Print the data below again in full, exactly as it stands, with no images.

═══ LISTED ENTRIES

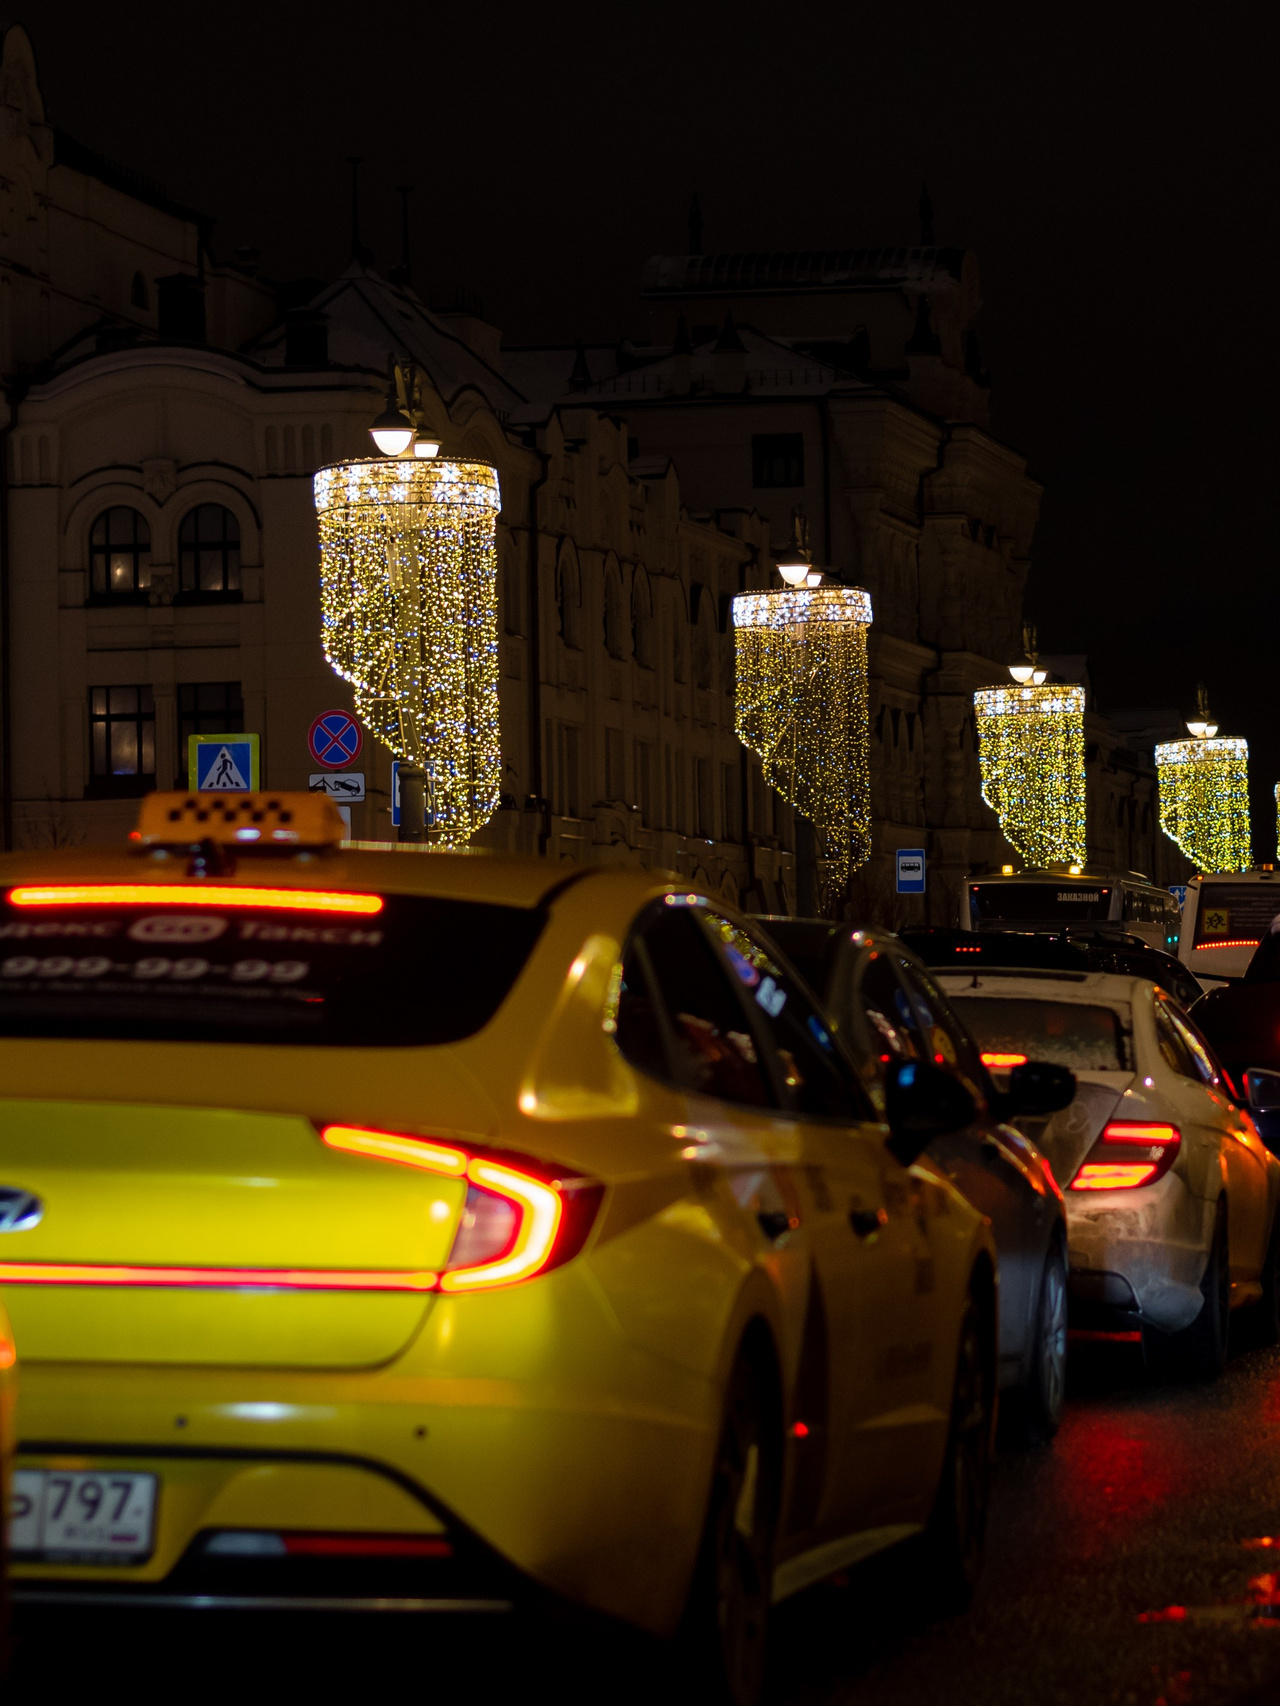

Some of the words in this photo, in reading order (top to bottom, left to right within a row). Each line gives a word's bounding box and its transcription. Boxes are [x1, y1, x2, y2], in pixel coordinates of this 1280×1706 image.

[1057, 892, 1099, 902] ЗАКАЗНОЙ
[2, 956, 310, 982] 999-99-99
[52, 1479, 133, 1522] 797
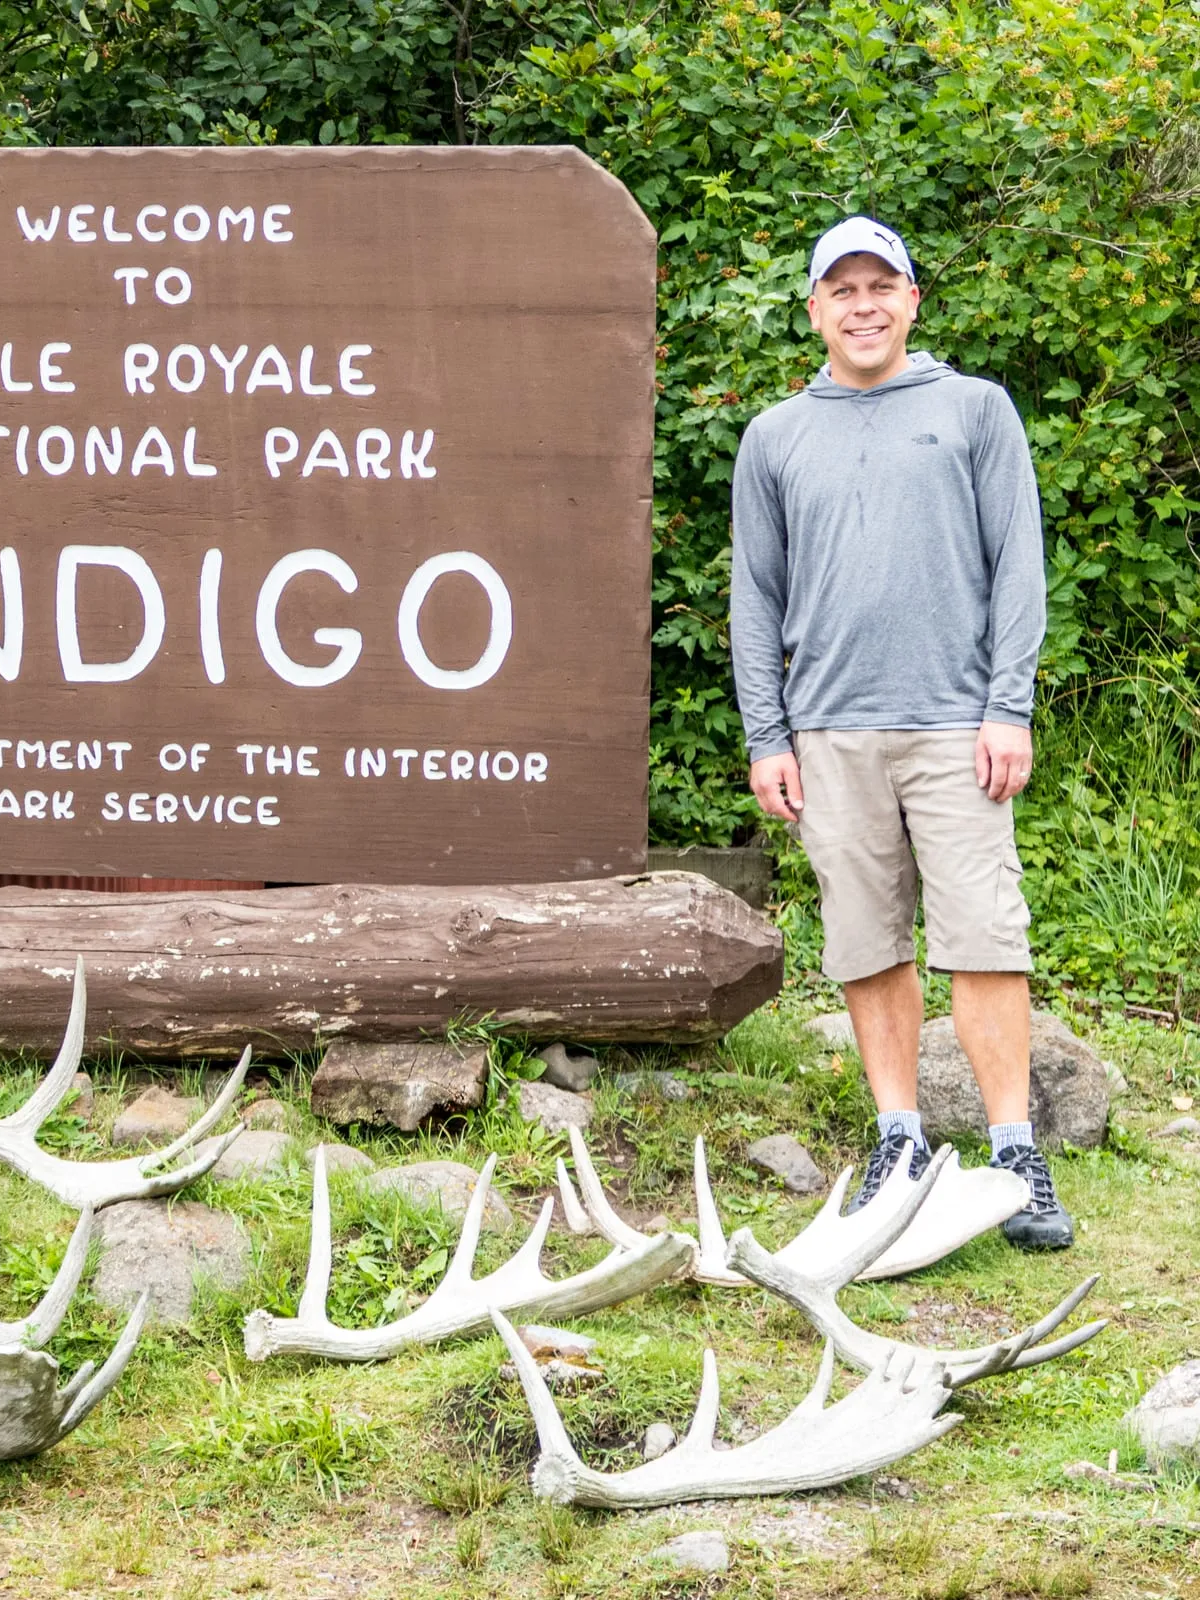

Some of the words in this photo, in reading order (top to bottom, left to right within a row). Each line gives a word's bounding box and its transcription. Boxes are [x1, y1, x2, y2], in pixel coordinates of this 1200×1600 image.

[16, 204, 294, 244] WELCOME
[113, 266, 192, 306] TO
[123, 342, 377, 397] ROYALE
[264, 426, 437, 480] PARK
[158, 742, 211, 773] OF
[236, 743, 321, 777] THE
[344, 747, 549, 783] INTERIOR
[101, 791, 281, 826] SERVICE

══════

-- ANSWER TO THIS TASK --
Some of the words in this photo, in reading order (top to bottom, left to right within a row). Each line gives a word's bounding box and its transcription. Boxes are [x1, y1, x2, y2], in pixel coordinates of this 1280×1706 image.

[1057, 892, 1099, 902] ЗАКАЗНОЙ
[2, 956, 310, 982] 999-99-99
[52, 1479, 133, 1522] 797

Some of the words in this photo, in reading order (top to bottom, left to right within a row). Each line gives a word's bounding box and its transcription. Boxes are [x1, y1, x2, y2], in pixel coordinates of this 1200×1600 image.

[16, 204, 294, 244] WELCOME
[113, 266, 192, 306] TO
[123, 342, 377, 397] ROYALE
[264, 426, 437, 480] PARK
[158, 742, 211, 773] OF
[236, 743, 321, 777] THE
[344, 747, 549, 783] INTERIOR
[101, 791, 281, 826] SERVICE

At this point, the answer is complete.